4. “Seventy-five percent of global fisheries are fished at or beyond capacity.” Again, it would be helpful if Leonard understood the tragedy of the commons.

True; but again, it would be helpful if you acknowledged that, far from being something Leonard got wrong, this is one of those points that lack of property rights in and/or government ownership of fisheries means she is absolutely right.

5. Leonard is right that we live in a very materialistic society with weakening communities; Austrians should recognize that this is fuelled by the government actions that favor corporations, and by the growth of the government itself, including fiscal and monetary policy [as well as the captured regulatory state].

What is it with the reflexive disagreement with Leonard? Can’t one disagree with many aspects, but yet find common ground and venture productive explanations?

6. I doubt it is actually common for truly toxic products to be produced and sold in the United States.
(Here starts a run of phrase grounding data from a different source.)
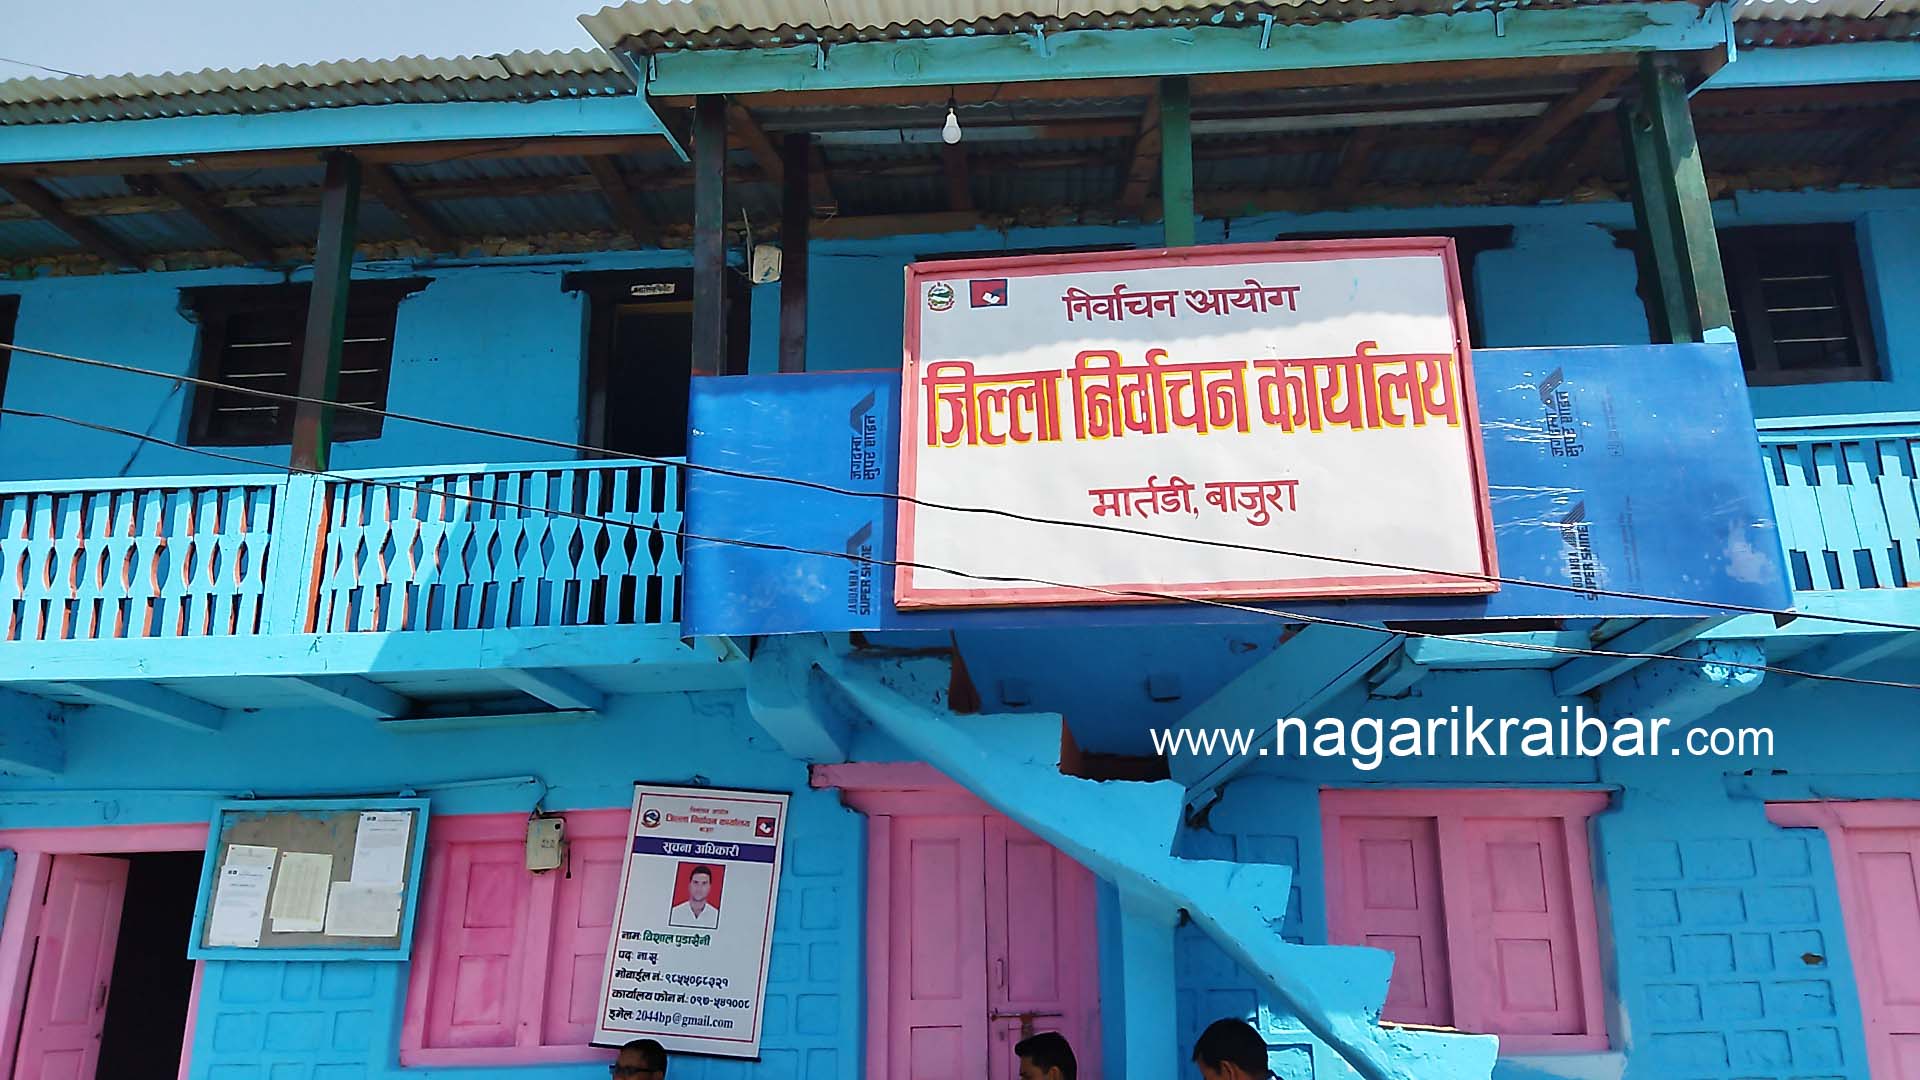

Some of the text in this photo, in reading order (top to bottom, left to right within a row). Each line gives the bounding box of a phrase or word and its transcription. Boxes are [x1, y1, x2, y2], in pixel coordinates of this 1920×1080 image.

[1061, 278, 1300, 322] निर्वाचन आयोग
[922, 340, 1460, 448] जिल्ला निर्वाचन कार्यालय
[863, 451, 881, 480] सुपर
[1205, 479, 1298, 526] बाजुरा
[860, 544, 872, 616] SUPER SHNE
[1568, 552, 1585, 600] JGDAMBA
[663, 841, 739, 857] सूचना अधिकारी
[636, 1009, 733, 1029] 2044bp@gmail.com
Do you also doubt that cancer and pulmonary problems are clearly linked to environmental toxins? Do you doubt the existence of Superfund sites, and toxicity associated with US nuclear weapons production programs and mines generally?

Furthermore, I doubt many corporations would be in business for long if they sold them.
Have you failed to notice greenwashing by chemical cos? Or that federal pollution licensing regs keep in business Midwestern industries whose pollution East Coast states have been suing for decades to halt?
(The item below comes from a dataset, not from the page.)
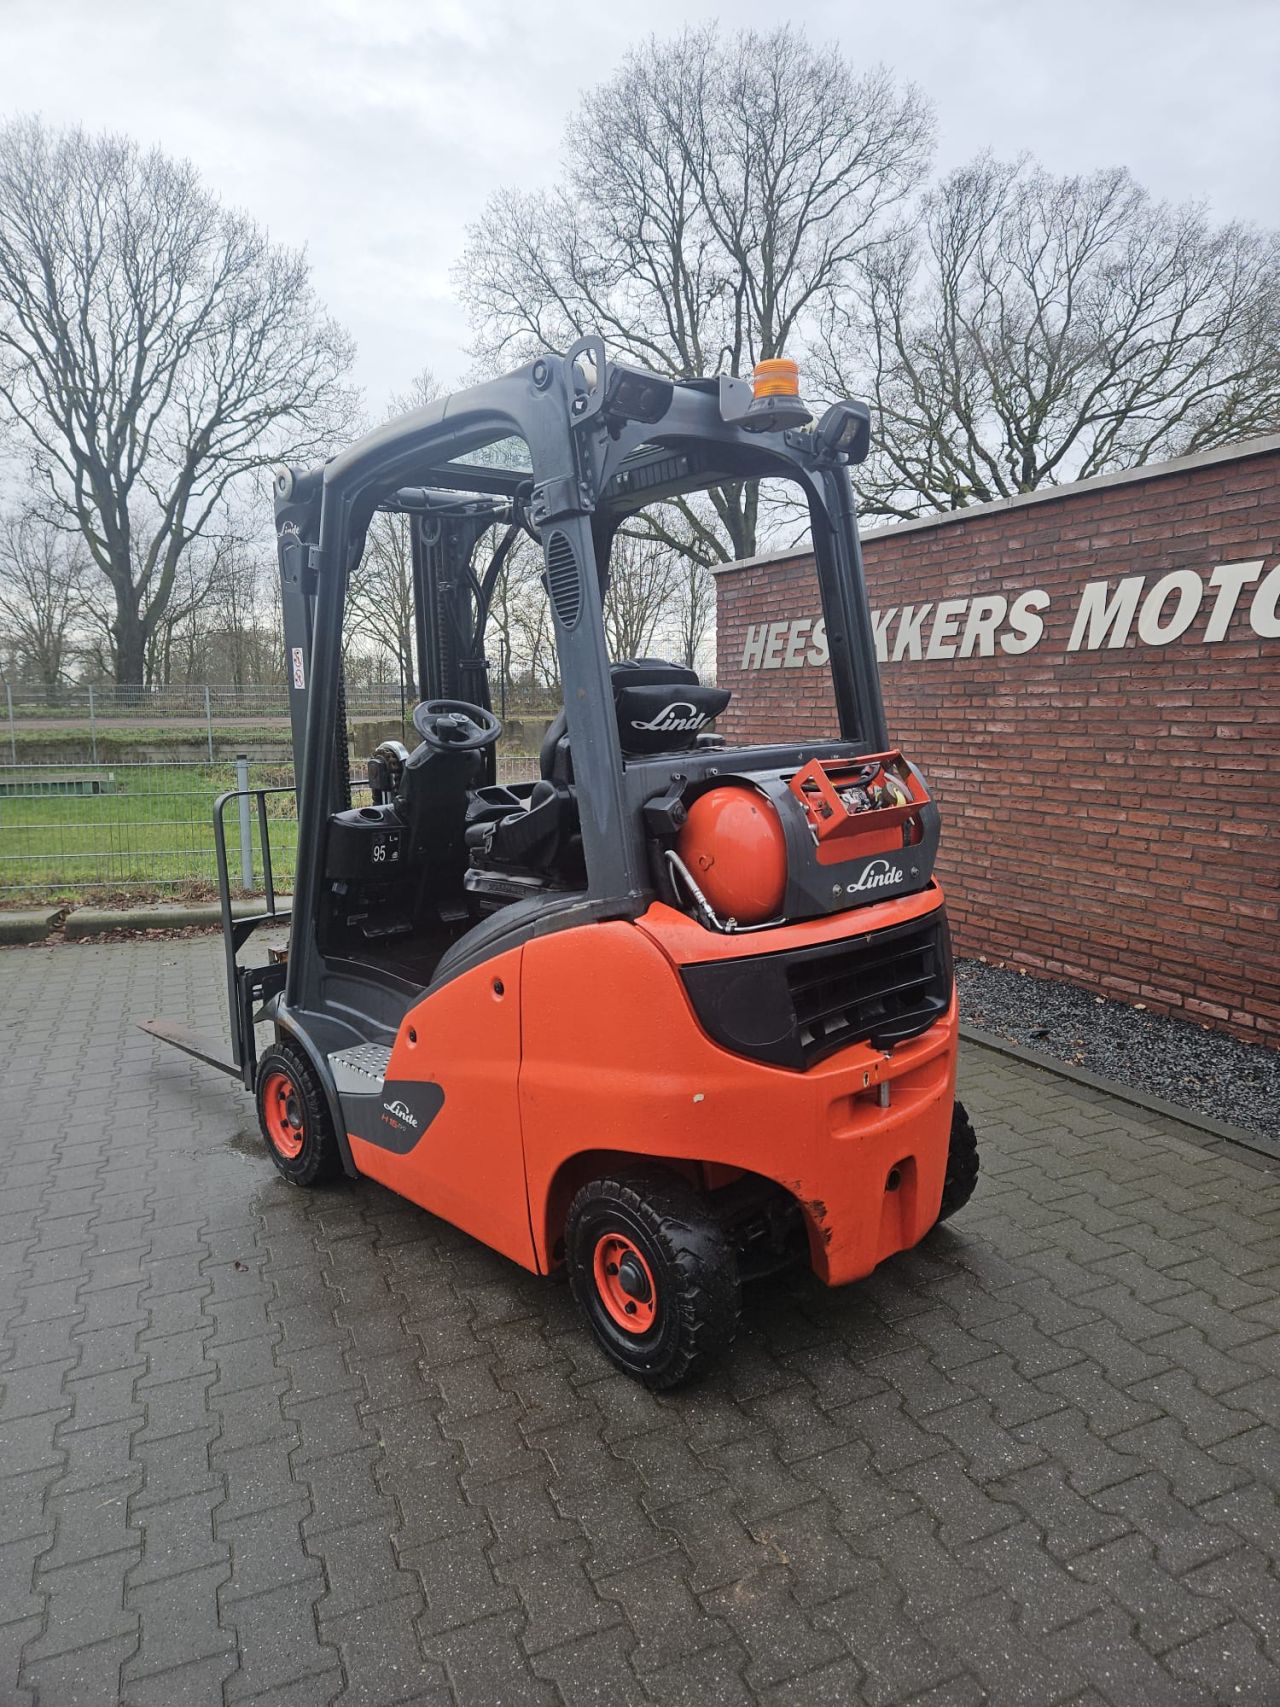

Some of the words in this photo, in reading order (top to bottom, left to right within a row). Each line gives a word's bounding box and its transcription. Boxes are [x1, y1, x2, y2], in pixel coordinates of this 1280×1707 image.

[741, 589, 1051, 670] HEESKKERS
[373, 845, 386, 862] 95
[846, 859, 903, 893] Linde
[383, 1100, 418, 1128] Linde
8. “Our primary identity is that of being consumers — not mothers, teachers, farmers, but consumers.”

Isn’t it obvious that Leonard is referring to how we are perceived/treated by corporations and governments – and like you personally believes we are much more than that? You continue to drum up disagreements where there don’t appear to be any.

9. “the American economy’s purpose is to produce more consumer goods.” Leonard bemoans the statement, but the advisor was right! Everything is produced for consumption.

Now I’m confused: in 8 you suggest that our primary identity is NOT as consumers, but now you inform us that the whole “purpose” of the American economy is to produce more consumer goods.

In any event, any Austrian should disagree with you: the “American economy” has NO purpose whatsoever; rather, only individuals, acting alone and in groups, have purposes. Such purposes may necessitate purchases of goods and services, but I would wager that no one has a purpose of simply consuming consumer goods.

10. “Our national happiness peaked in the 1950s, the same time that this consumption mania exploded. Hmmm. Interesting coincidence,” Leonard says

Leonard hasn’t offered a conclusion, but simply offered a rather pedestrian suggestion that consumerism may adversely affect personal happiness – a viewpoint that is widely echoed by religious leaders and psychologists. I don’t believe that Austrians disagree axiomatically here – did I miss something?